**Excerpted data:**
%%
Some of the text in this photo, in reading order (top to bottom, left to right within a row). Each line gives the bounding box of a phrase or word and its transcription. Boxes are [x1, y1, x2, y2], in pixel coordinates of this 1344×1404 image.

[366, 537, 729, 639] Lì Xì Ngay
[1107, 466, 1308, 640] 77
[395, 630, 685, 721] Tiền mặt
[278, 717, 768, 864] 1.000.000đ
%%
**Assignment:**
From the first line to the last, return the data exactly as written.

**Solved problem:**
Some of the text in this photo, in reading order (top to bottom, left to right within a row). Each line gives the bounding box of a phrase or word and its transcription. Boxes are [x1, y1, x2, y2], in pixel coordinates of this 1344×1404 image.

[366, 537, 729, 639] Lì Xì Ngay
[1107, 466, 1308, 640] 77
[395, 630, 685, 721] Tiền mặt
[278, 717, 768, 864] 1.000.000đ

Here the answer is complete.